BEGIN Data to use

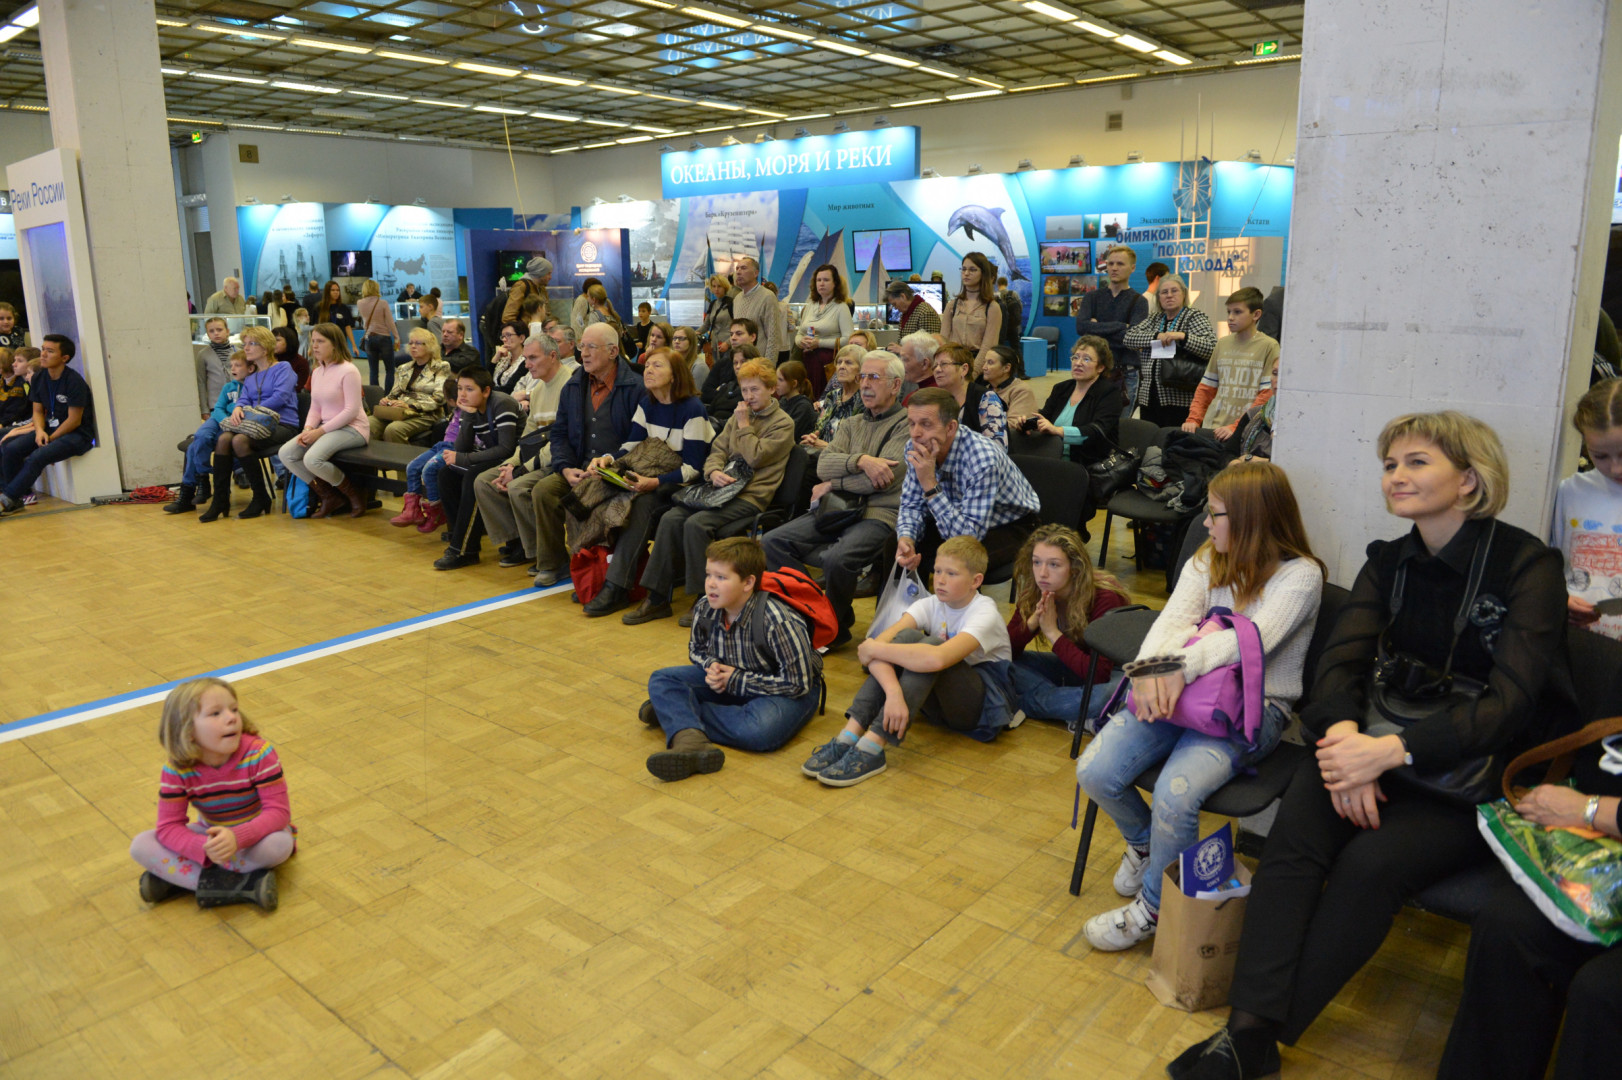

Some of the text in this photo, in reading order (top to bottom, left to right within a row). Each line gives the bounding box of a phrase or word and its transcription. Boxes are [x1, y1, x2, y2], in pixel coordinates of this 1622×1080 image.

[670, 145, 893, 185] ОКЕАНЫ, МОРЯ И РЕКИ
[10, 181, 66, 212] Реки России
[827, 202, 875, 212] Мир животных
[1115, 227, 1176, 243] ОЙМЯКОН
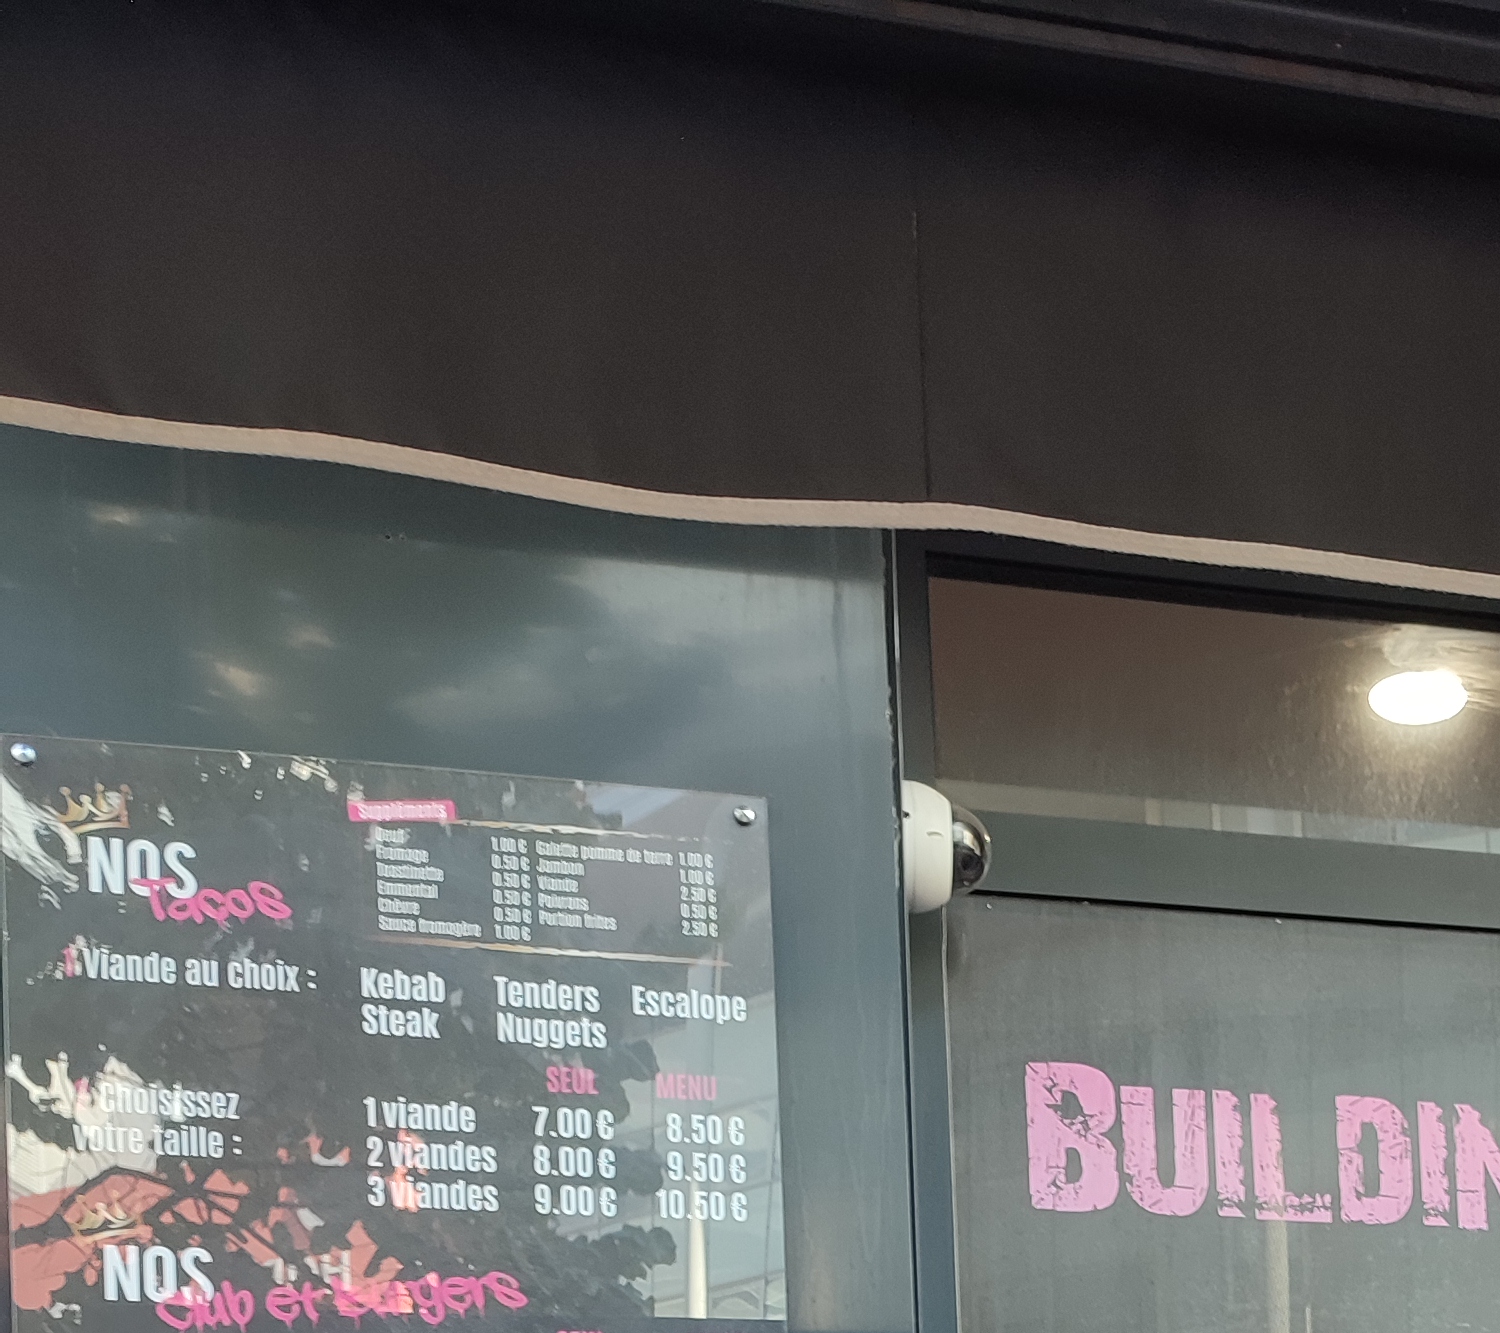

END Data to use

# [Action item]
In the material above, repeat each entry exactly and omit every picture.

# [Solution for this exercise]
Some of the text in this photo, in reading order (top to bottom, left to right within a row). Each line gives the bounding box of a phrase or word and its transcription. Boxes are [x1, y1, x2, y2], in pixel coordinates of this 1622×1080 image.

[670, 145, 893, 185] ОКЕАНЫ, МОРЯ И РЕКИ
[10, 181, 66, 212] Реки России
[827, 202, 875, 212] Мир животных
[1115, 227, 1176, 243] ОЙМЯКОН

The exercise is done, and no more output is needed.